Can you recreate a fragmented music piece from hearing?

When I saw that little game, I was really drawn by the idea - a puzzle, where you need to combine fragments of music for a full track? Sounds great (pun intended)! Each level, you are presented with places for “notes” (which are short sounds or sound fragments), which need to be placed properly in order to compose the given melody, which you need to listen to before, to know what’s the end goal. Those notes have different types, and each place have a defined type of note to put it into - so the possibilities are more limited. You can filter the whole piece by a specific note type, so you can listen to only one of those, which makes it so much easier to compose the final piece - which in turn is also adding some more melody and additional sounds, to tie it up together.
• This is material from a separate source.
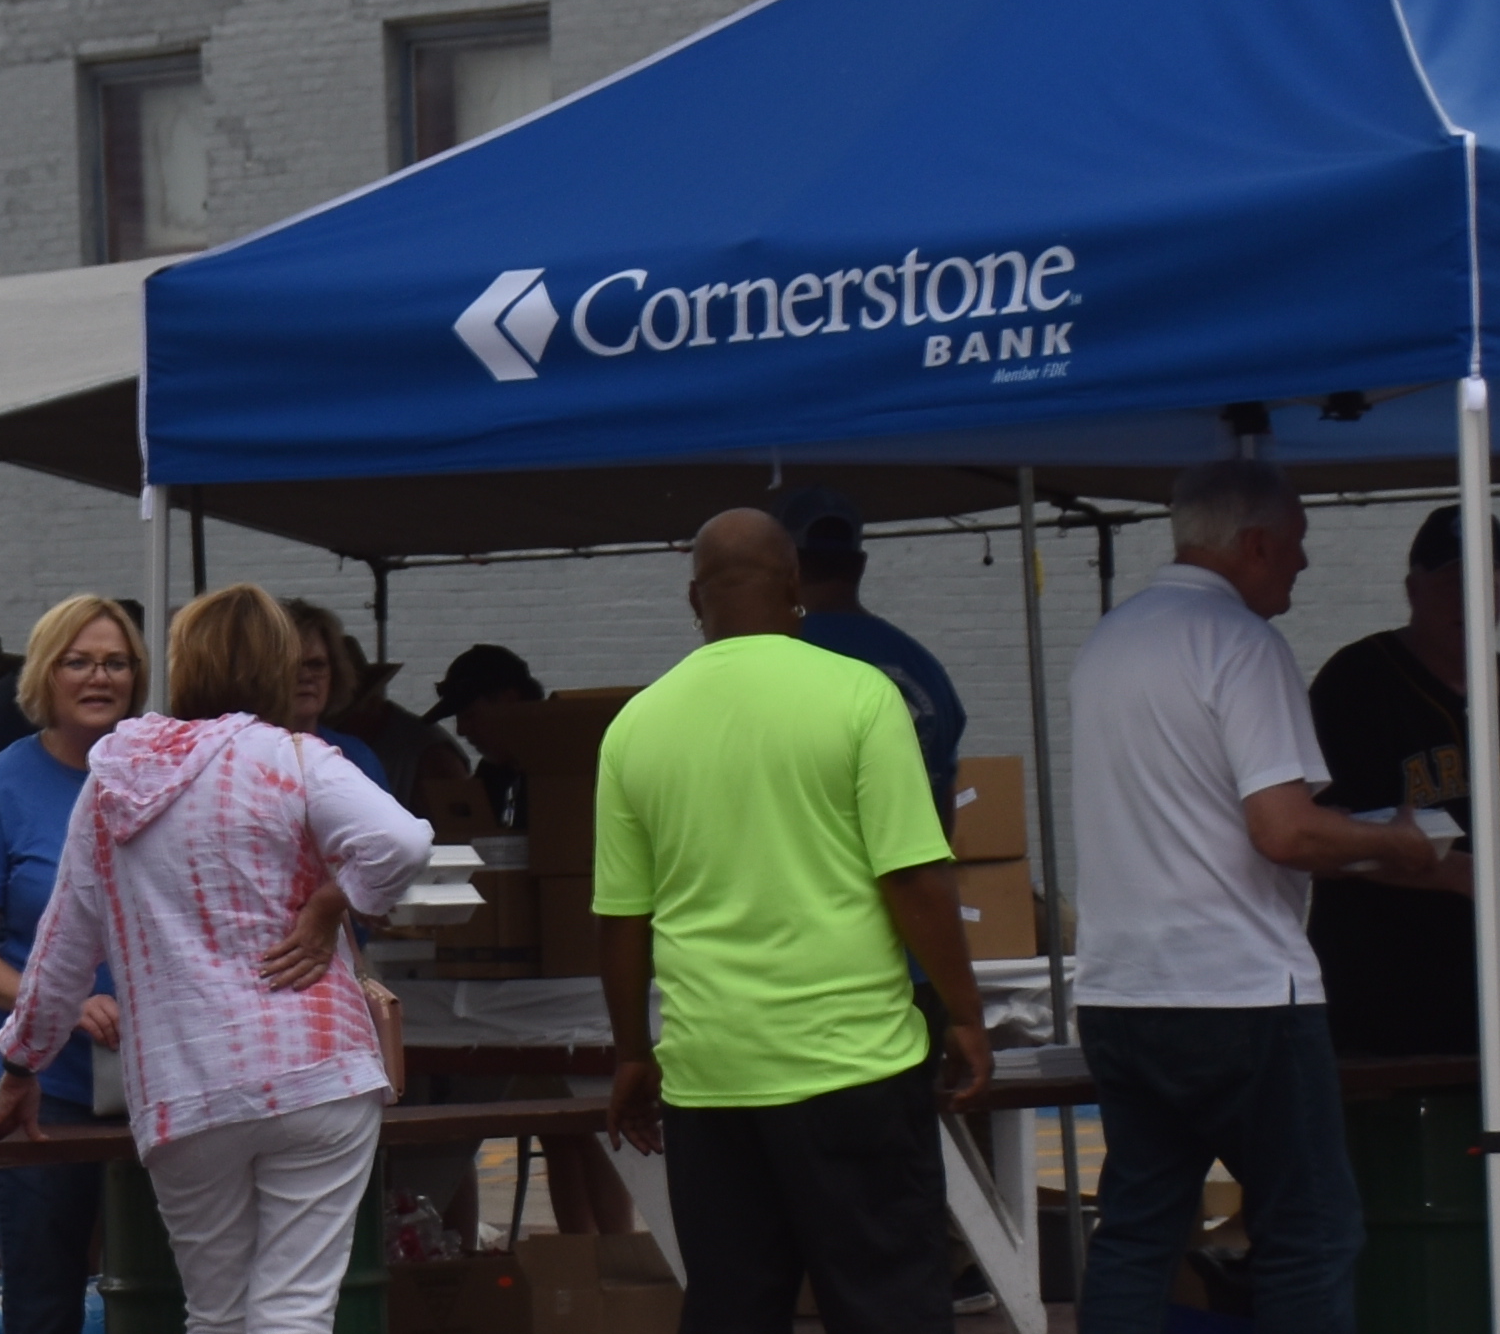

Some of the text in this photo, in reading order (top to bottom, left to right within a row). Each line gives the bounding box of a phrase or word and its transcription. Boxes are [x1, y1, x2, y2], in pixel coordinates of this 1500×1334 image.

[571, 245, 1075, 356] Cornerstone
[924, 322, 1073, 367] BANK
[992, 361, 1070, 383] Member FDIC
So it’s only placing notes in order, and that’s it? Well, it is starting easy. But along the way, there is a lot of stuff that changes. We have more sounds at once (although filtering to specific type negates that), the sounds are getting more complex, less different from each other and harder to memorize. It was actually funny how different techniques I tried using to memorize and compare the notes that I placed with the originals ;) There are also more direct mechanics - need to loop some sounds, or even groups of notes, choosing one of couple predefined notes instead of inserting one. But honestly - nothing super crazy, although changing it at least a bit. Throughout 25 levels though, I think I only started having real troubles in the last 2 - where you didn’t have ability to filter specific type of sounds, and you could only listen to the whole tune - those got pretty crazy, with even 4 sounds at once and pretty hard to discern from each other. I really needed hints there (for the first time), and some trial and error. I think it failed a bit with keeping things interesting and balancing.. but it was also quite short, so..
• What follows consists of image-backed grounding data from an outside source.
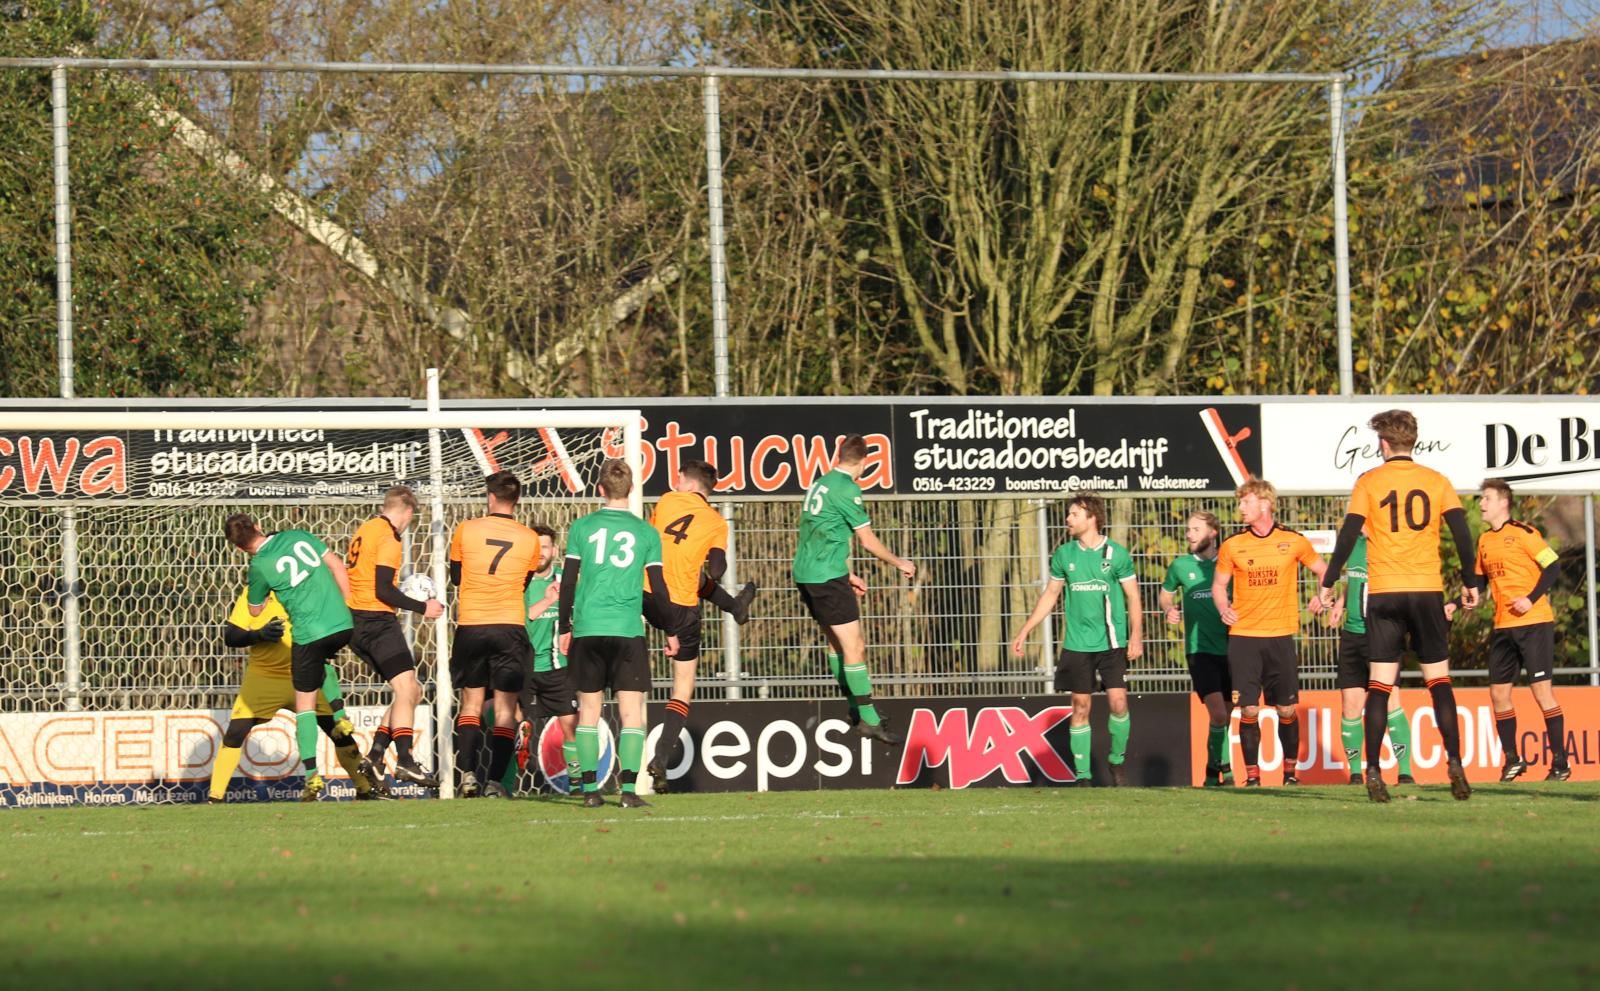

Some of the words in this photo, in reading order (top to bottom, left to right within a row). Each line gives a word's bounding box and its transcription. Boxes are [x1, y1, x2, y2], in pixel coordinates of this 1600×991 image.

[909, 408, 1076, 440] Traditioneel
[151, 442, 421, 480] stucadoorsbedrijf
[913, 437, 1168, 475] stucadoorsbedrijf
[1483, 423, 1547, 470] De
[803, 481, 829, 515] 15
[912, 476, 995, 491] 0516-423229
[1005, 475, 1128, 493] boonstra.g@online.nl
[1138, 475, 1209, 490] Waskemeer
[664, 513, 695, 545] 4
[1379, 488, 1431, 533] 10
[275, 540, 322, 588] 20
[348, 536, 362, 570] 9
[485, 538, 514, 575] 7
[588, 527, 636, 568] 13
[646, 719, 873, 792] pepsi
[895, 707, 1078, 790] MAX
[18, 790, 74, 805] Rolluiken
[84, 791, 126, 804] Horren
[135, 789, 197, 802] Markiezen
But there were some technical issues. Maybe I’m picky here, or it’s my personal feeling, but one thing about the game focusing on hearing - it touches the area of perfectionism, where small issues tend to be somewhat annoying. One of those are that it sometimes “crunched” and just froze for a little bit, which can really throw you off from the rhythm. Also, I had a feeling that some samples are slightly delayed and off the melody, while definitely many of them were not really balanced in terms of the volume and how they are “cut” - many of them are starting (or ending) very abruptly, which makes it less smooth. The music in general is ok, but it’s a really mixed batch, and I can’t say that I remember any particular tunes from it… and it was a music game.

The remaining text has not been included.